# ASSIGNMENT
Write out every entry exactly; the pictures do not belong in the copy.

# DATA
■ ■ ■ ■ ■
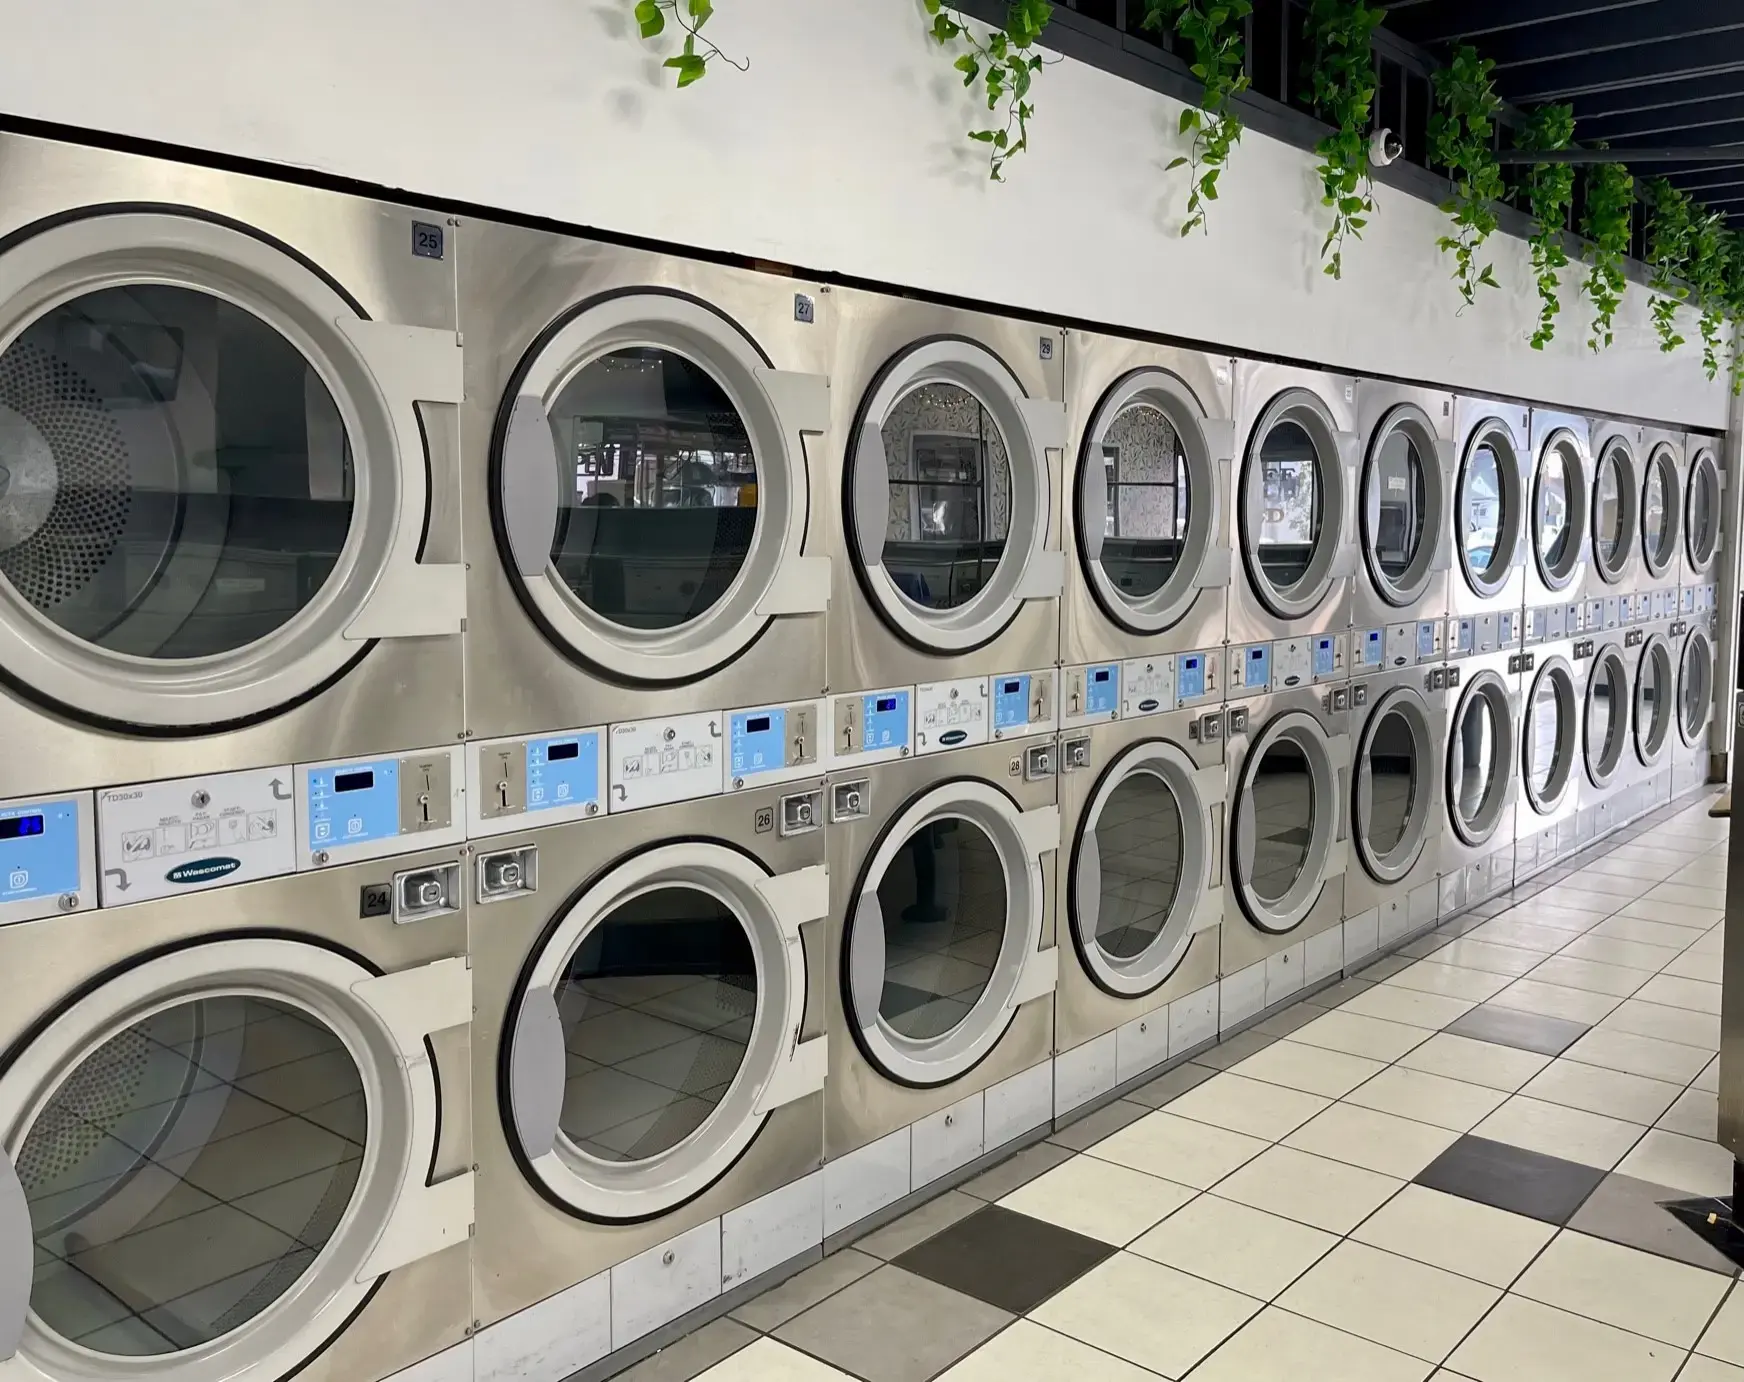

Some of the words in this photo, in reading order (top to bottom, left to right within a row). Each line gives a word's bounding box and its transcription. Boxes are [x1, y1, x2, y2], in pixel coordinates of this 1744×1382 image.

[418, 231, 438, 249] 25
[797, 302, 811, 315] 27
[1041, 343, 1051, 354] 29
[1010, 760, 1020, 771] 28
[107, 790, 143, 803] TD30x30
[757, 813, 771, 827] 26
[182, 862, 236, 878] Wascomat
[367, 890, 388, 909] 24
■ ■ ■ ■ ■
# TASK SOLUTION
Some of the words in this photo, in reading order (top to bottom, left to right within a row). Each line gives a word's bounding box and its transcription. Boxes are [x1, y1, x2, y2], in pixel coordinates of this 1744×1382 image.

[418, 231, 438, 249] 25
[797, 302, 811, 315] 27
[1041, 343, 1051, 354] 29
[1010, 760, 1020, 771] 28
[107, 790, 143, 803] TD30x30
[757, 813, 771, 827] 26
[182, 862, 236, 878] Wascomat
[367, 890, 388, 909] 24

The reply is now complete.